You know my thoughts on marriage equality and gay rights -- to remind you, I'm very pro- both and sincerely believe those who are anti- are nothing but giant bullies -- so I'm taking a Chick-fil-A break right now, which will likely turn into a full-on ban. I'm not making a big deal out of it. I posted some jokes on Facebook, but that is all they were: jokes. You can eat at Chick-fil-A if you want. My dad came over to my house Saturday bearing a Chick-fil-A cup full of Diet Coke and I didn't toss him out. My trainer at work ate a free Chick-fil-A ice cream sundae in front of me last Friday and I didn't mercilessly berate her. It's fast food. I'm not going to get bent out of shape about fast food. I am, however, opposed to what Cathy said and who Chick-fil-A is giving money to. So, I'm not going to eat there. It's not because the food is bad, because it isn't. It's because morally, I'd feel bad eating a Chick-fil-A sandwich right now, no matter how much I want one. Shit. I knew I shouldn't have written this. Now I want Chick-fil-A.

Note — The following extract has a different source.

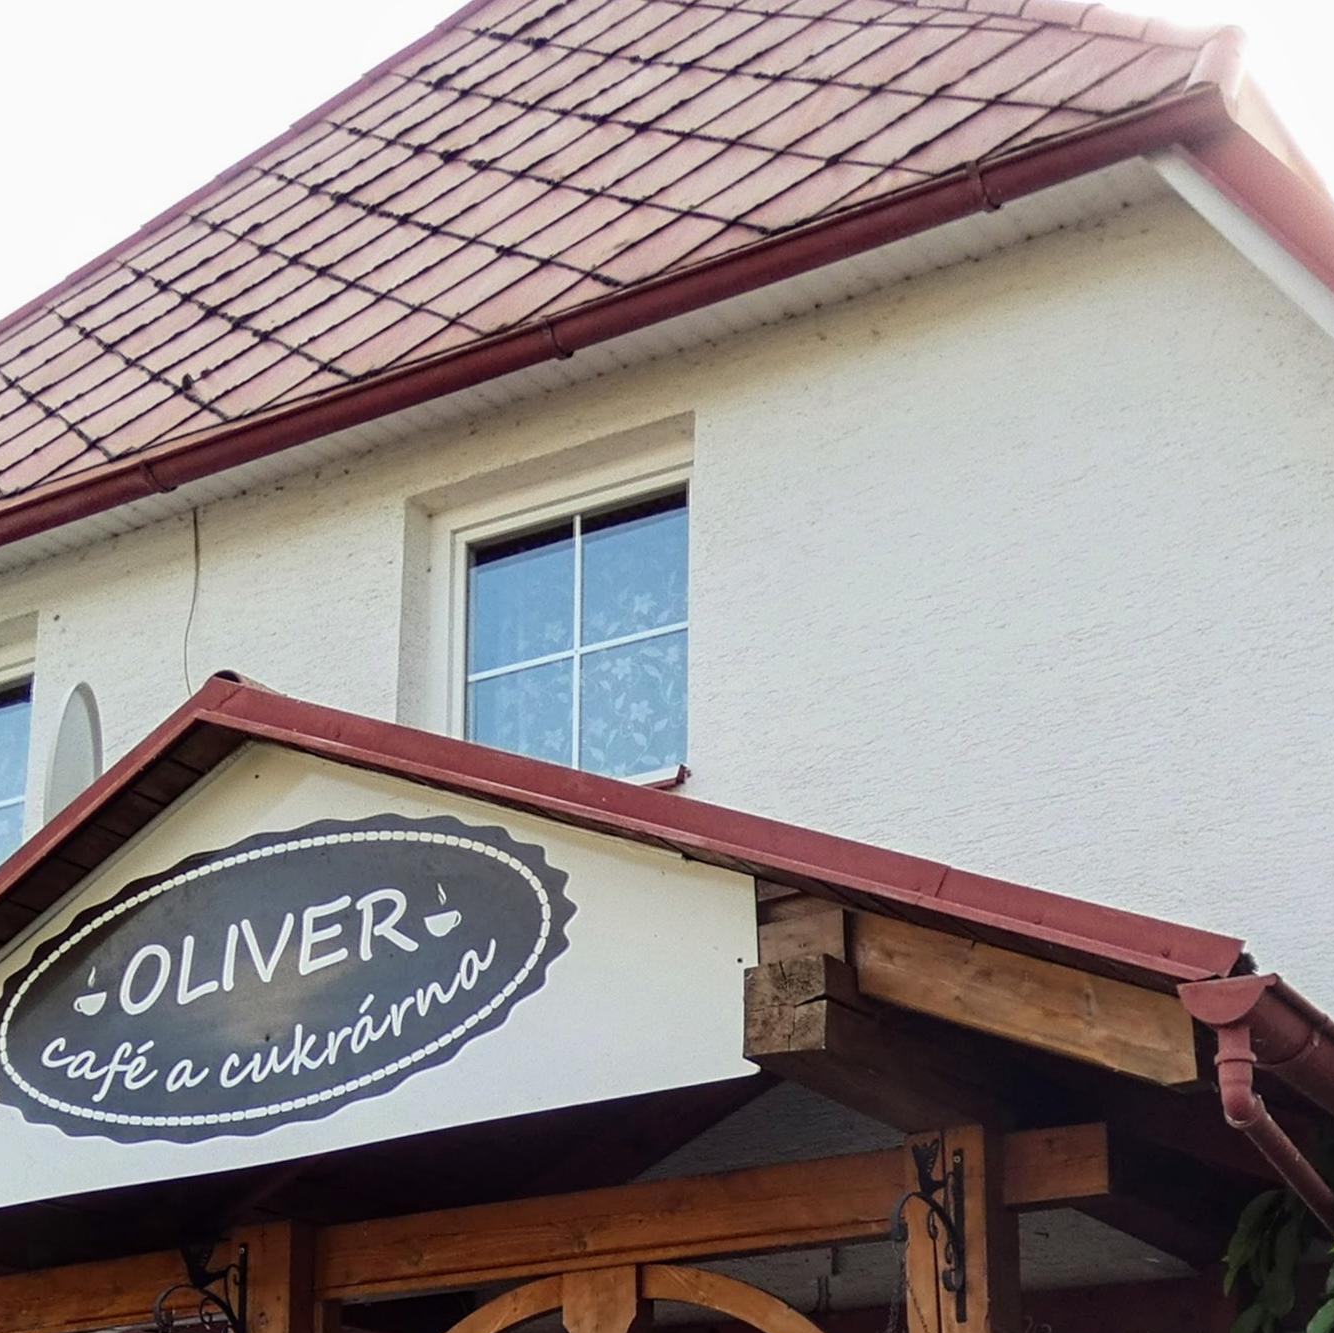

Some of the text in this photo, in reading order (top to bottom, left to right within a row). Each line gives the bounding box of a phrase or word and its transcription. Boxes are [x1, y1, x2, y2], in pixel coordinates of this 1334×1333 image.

[41, 937, 497, 1103] café a cukrárna
[119, 888, 420, 1016] OLIVER
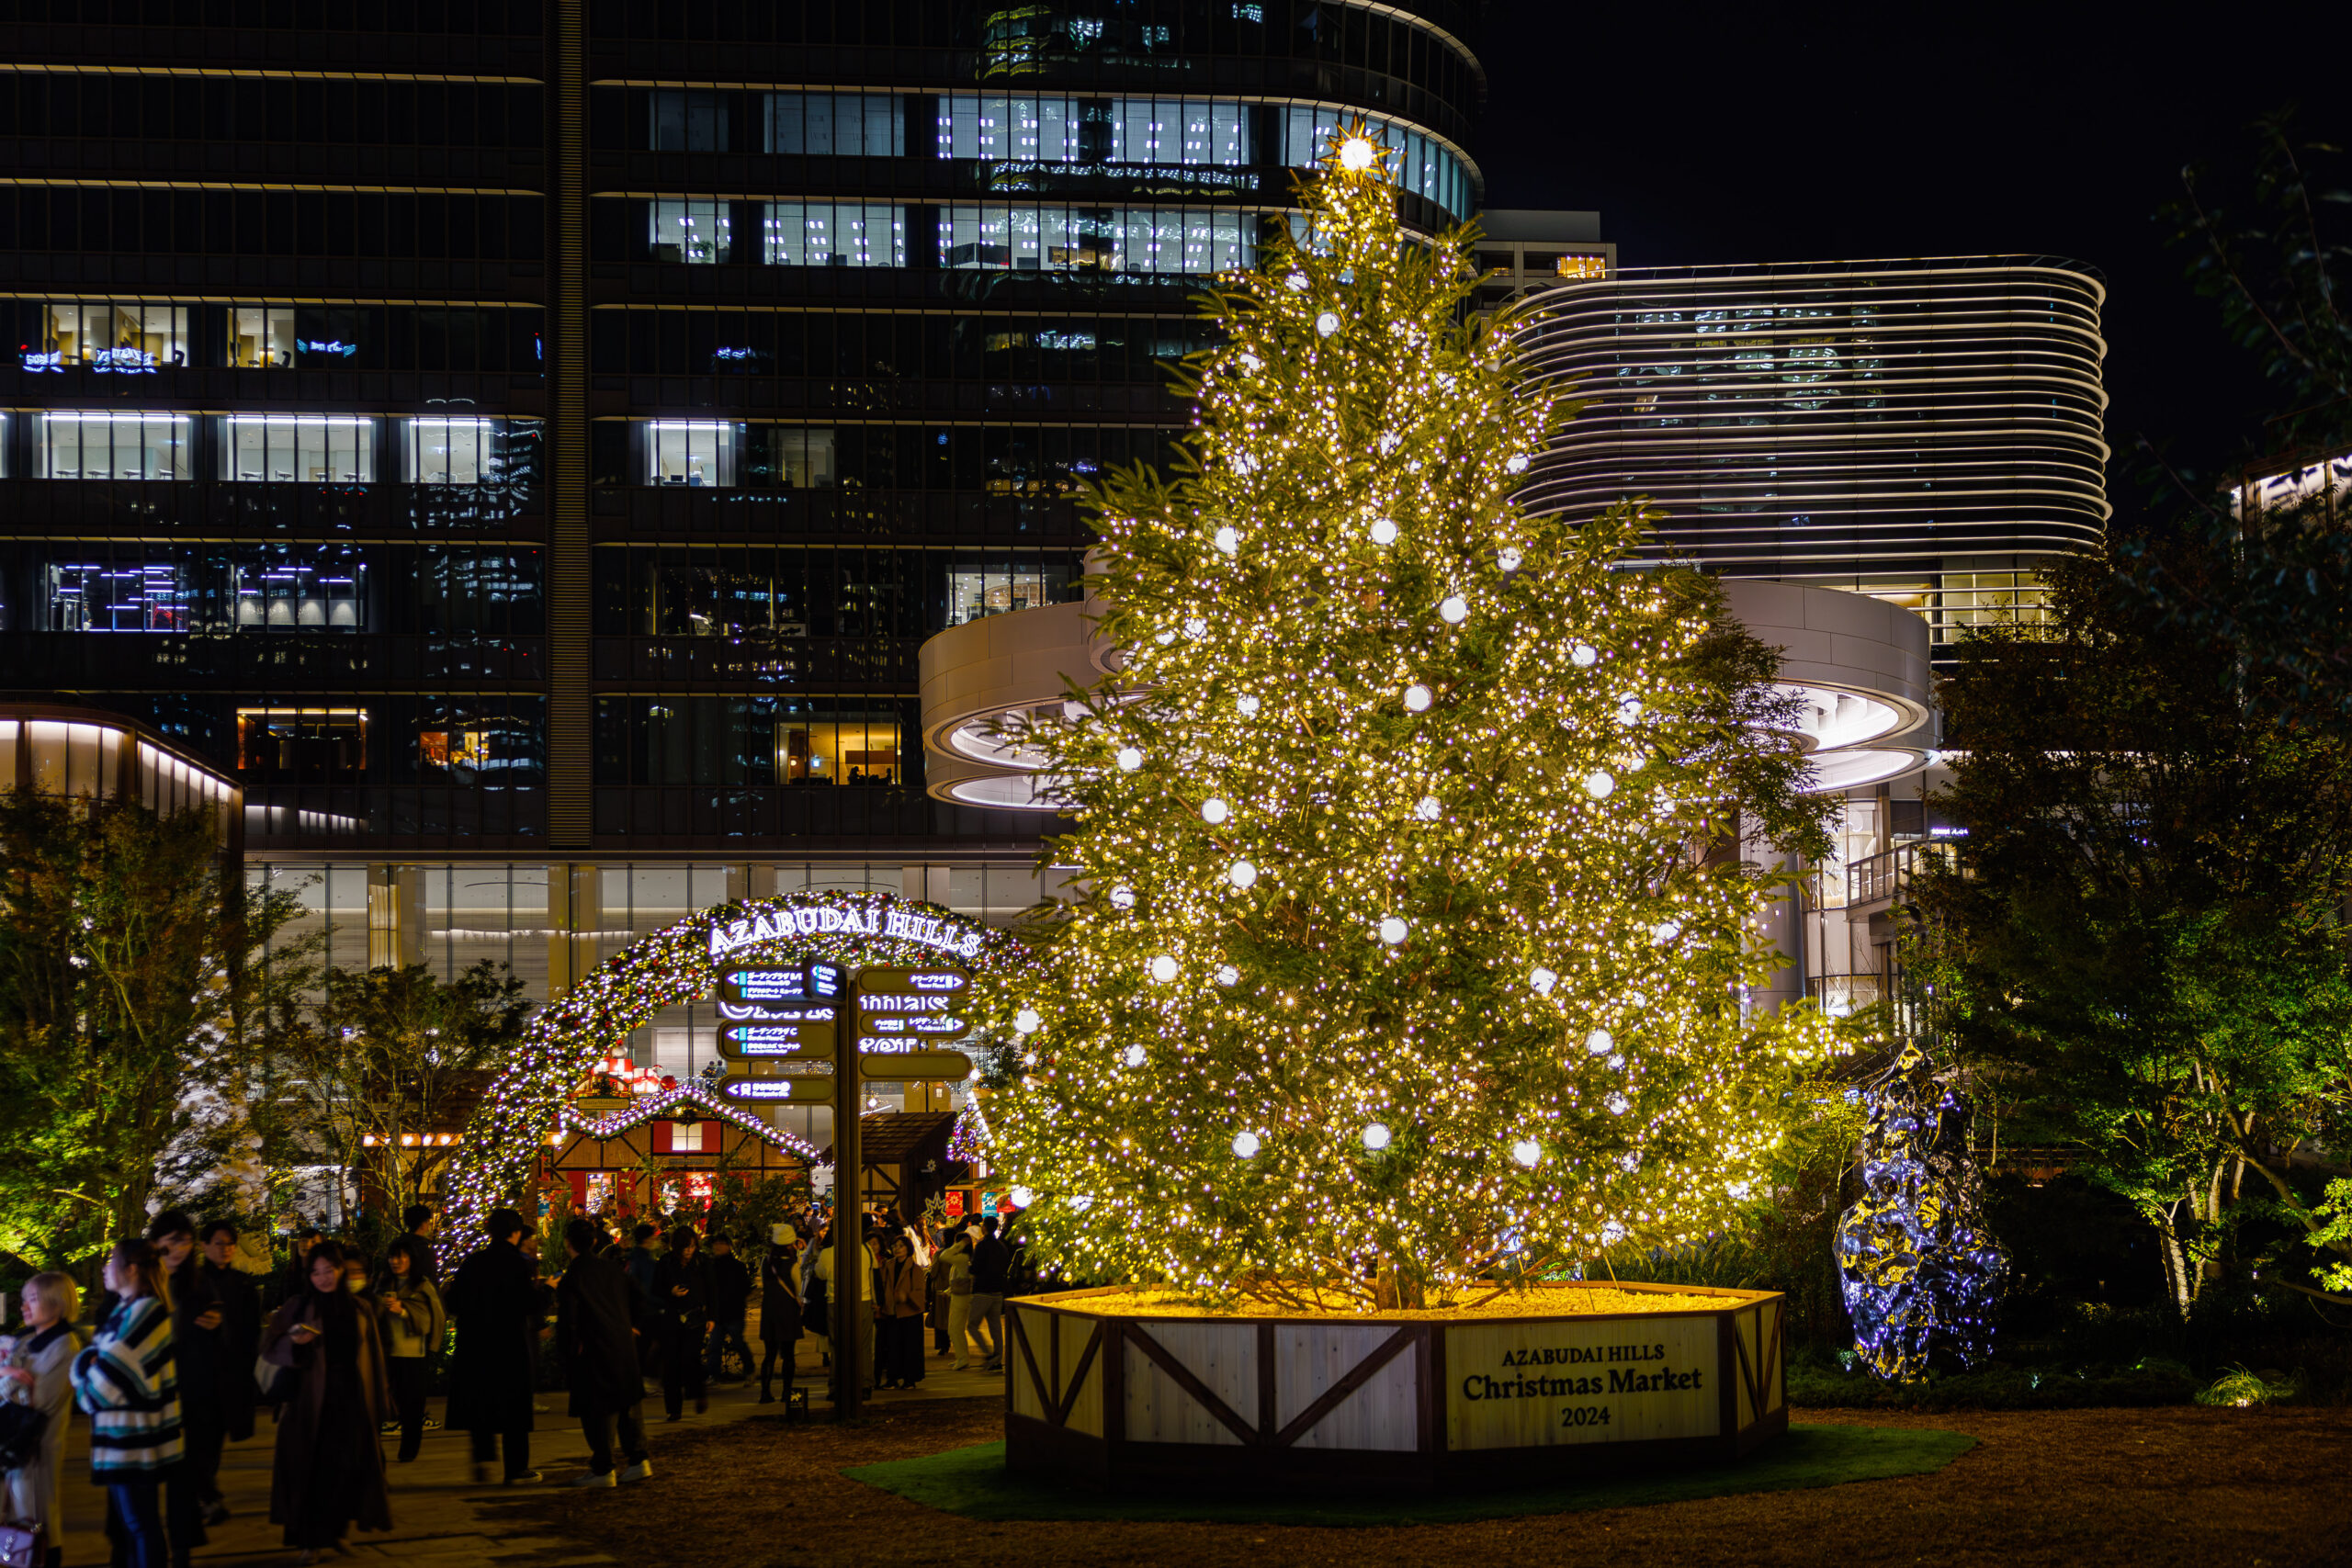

All I'm saying is that you should keep in my mind why us godless, liberal, left-wing, Socialist nutjobs (your words -- not mine) have soured on Chick-fil-A. We're not calling for boycotts (For the record, I'm not calling for a full-scale boycott, I've personally decided to spend my money elsewhere.) because of the food or because of the opinion of one close-minded man-fossil, but because of the principal. There are a lot of us who think this country can do better. It's 2012. Why doesn't everybody share the same basic human rights yet? Doesn't that trouble you? It should. Why not let the bullies know we're a nation ready for change and eat more chicken elsewhere. Somewhere where the cows can spell.
Bojangles is better anyway.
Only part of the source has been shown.